The World Health Organization has announced that the explosive spread of the Zika virus in the Americas is an extraordinary event that merits being declared an international emergency.

  • The WHO convened an emergency meeting of independent experts to assess the outbreak after noting a suspicious link between Zika’s arrival in Brazil last year and a surge in the number of babies born with abnormally small heads.

  • WHO estimates there could be up to 4 million cases of Zika in the Americas in the next year.

  • Such emergency declarations are meant as an international SOS signal.

  • WHO says Zika virus is strongly suspected of causing birth defects and may infect 3-4 million people in the Americas.

  • The last such public health emergency was declared for the devastating 2014 Ebola outbreak in West Africa, which killed more than 11,000 people.

WHO Director-General Dr. Margaret Chan said there was no definitive proof that the Zika virus, spread by mosquitoes, is responsible for the birth defects, but the level of alarm is extremely high.

Zika Virus

  • Zika virus is a mosquito-transmitted infection related to dengue, yellow fever and West Nile virus.

  • Symptoms are mild and include fever, rash, joint pain and conjunctivitis (red eyes).

  • Just one in five people infected becomes ill. Hospitalisation is uncommon and deaths are rare.

  • Zika is primarily spread through the bite of an infected Aedes species of mosquito.

  • Pregnant women can also pass the virus to their babies during pregnancy, but how and when this happens is unclear.

  • Those infected can pass the virus on through a mosquito bite for about seven days after infection.

  • There are no reports of transmission through breastfeeding, but in a few cases the virus has been reported to have been passed on through blood transfusion.

  • A blood or tissue sample from the first week of the infection must be sent to an advanced laboratory.

  • The virus can be detected through sophisticated molecular testing that seeks out the active virus, which lasts in the body for about a week.

  • Research is being done to develop a rapid test which could look for antibodies after a patient has recovered from the virus, making it possible to test for immunity.

  • There is no vaccine or specific medicine currently available and treatment is normally focused on relieving the symptoms.

Indian Biotech Firm Develops Two Vaccines for Zika Virus

Indian scientists say they have developed two vaccines for the Zika virus, which is linked to underdeveloped brains in babies.
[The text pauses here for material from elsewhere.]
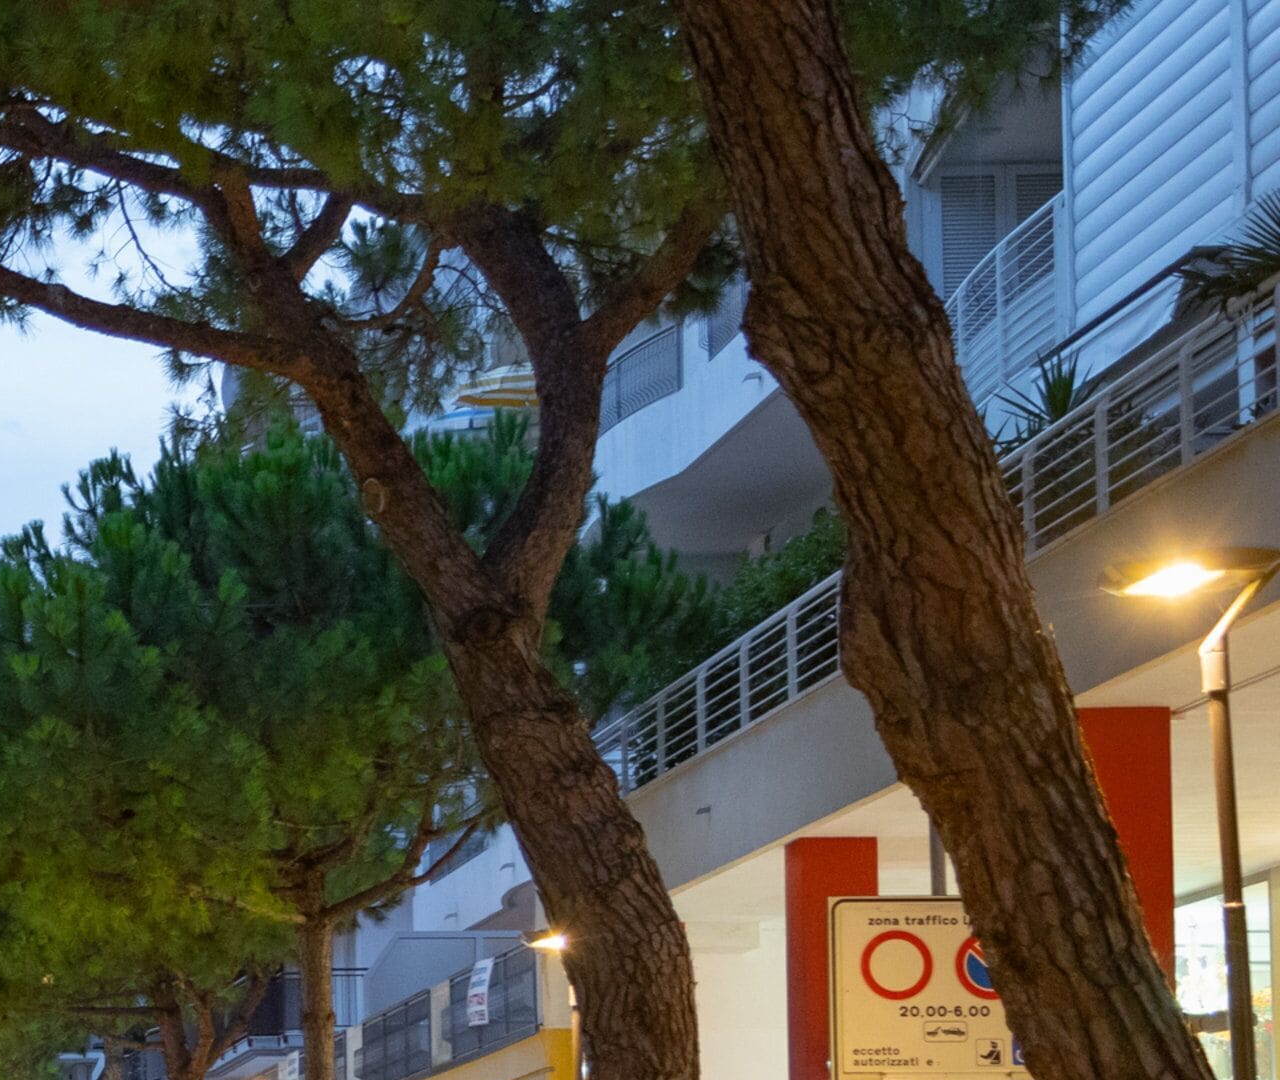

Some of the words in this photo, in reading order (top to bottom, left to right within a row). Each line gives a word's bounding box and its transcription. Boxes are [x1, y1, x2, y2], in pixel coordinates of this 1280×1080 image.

[868, 918, 900, 926] zona
[905, 915, 958, 926] traffico
[853, 1046, 900, 1056] eccetto
[853, 1056, 919, 1067] autorizzati
The two vaccines, developed by Bharat Biotech International in Hyderabad, India, were created following research that began nine months ago. On Zika, it is probably the first vaccine company in the world to file a vaccine candidate patent about nine months ago.
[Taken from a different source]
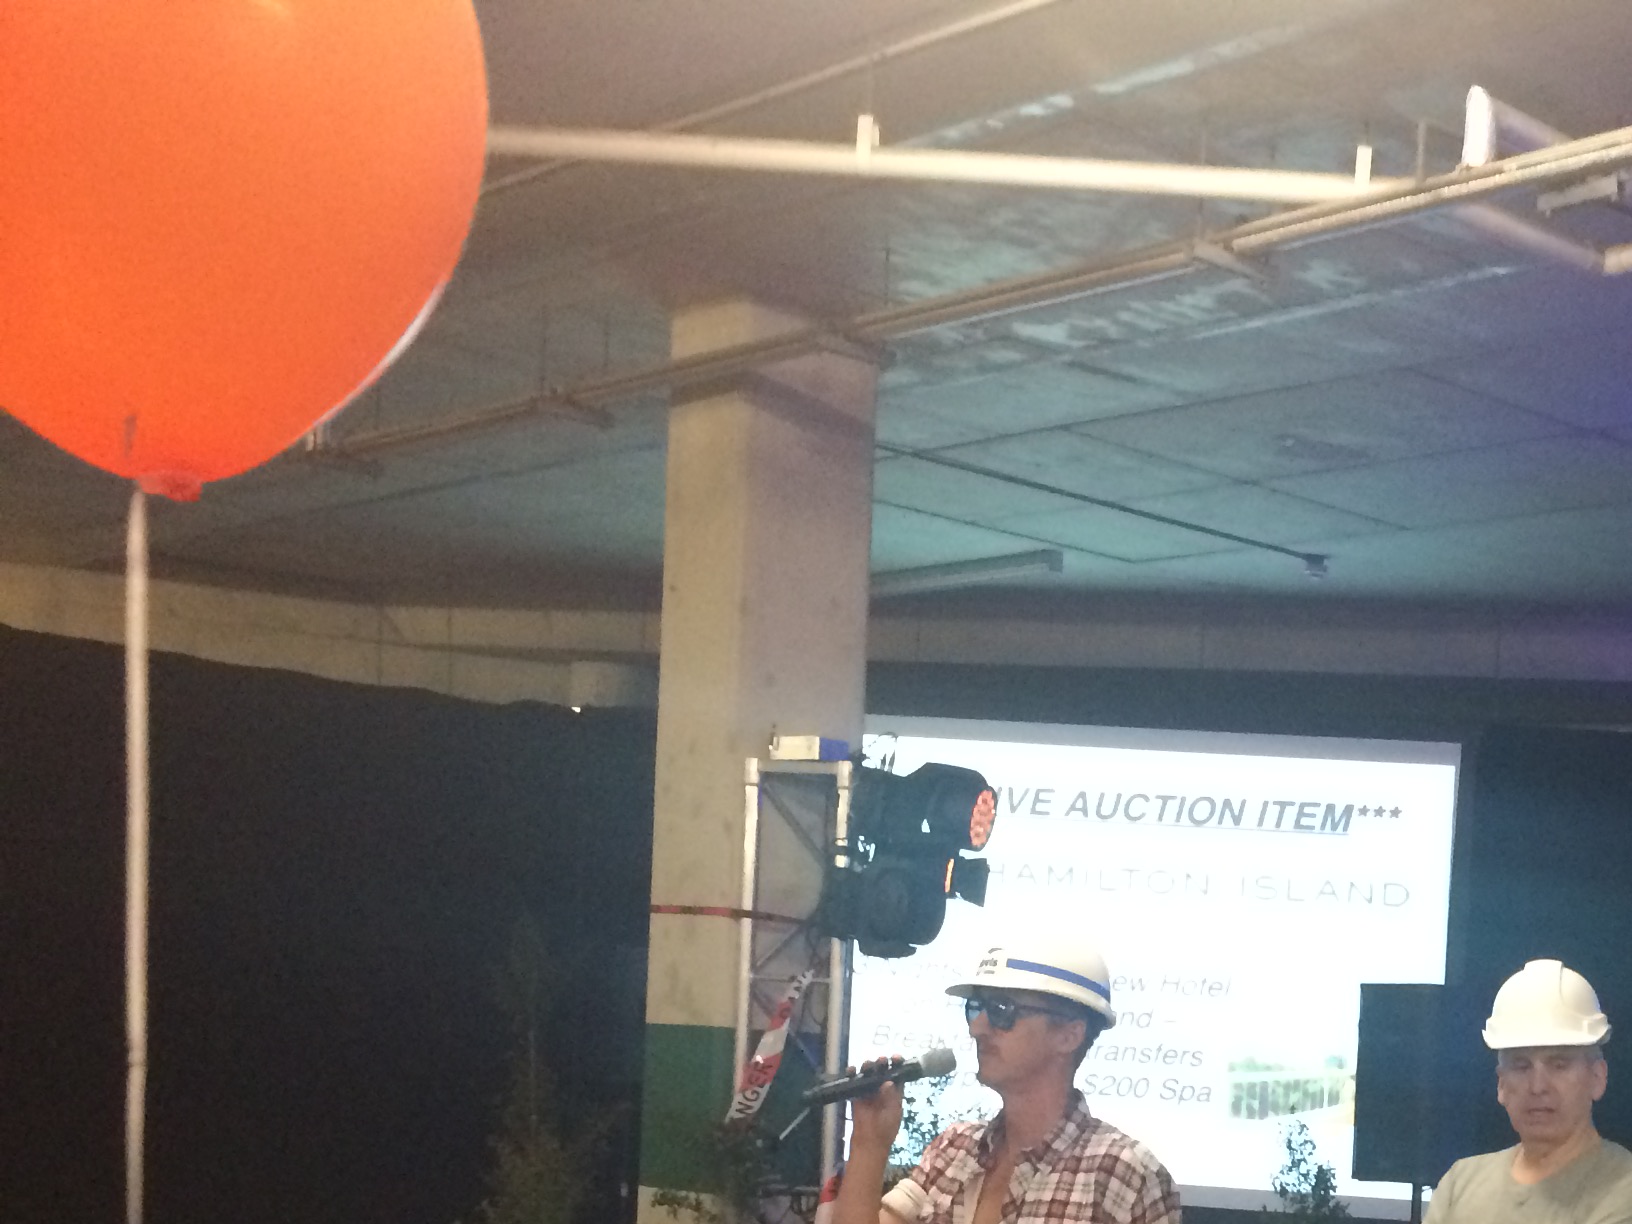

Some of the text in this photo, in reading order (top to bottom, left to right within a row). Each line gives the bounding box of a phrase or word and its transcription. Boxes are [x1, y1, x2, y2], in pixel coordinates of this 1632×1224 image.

The formulated inactivated vaccine is expected to elicit a strong antibody response as researchers see humoral immunity offering a primary defense against Zika infection. They will now be tested in animal and human trials. If those trials are successful, a vaccine could become available to the public in around four months. The best case scenario is that the biotech firm could make one million doses in that time. Research into the vaccines began after the biotech firm legally imported a live Zika virus into the country last year.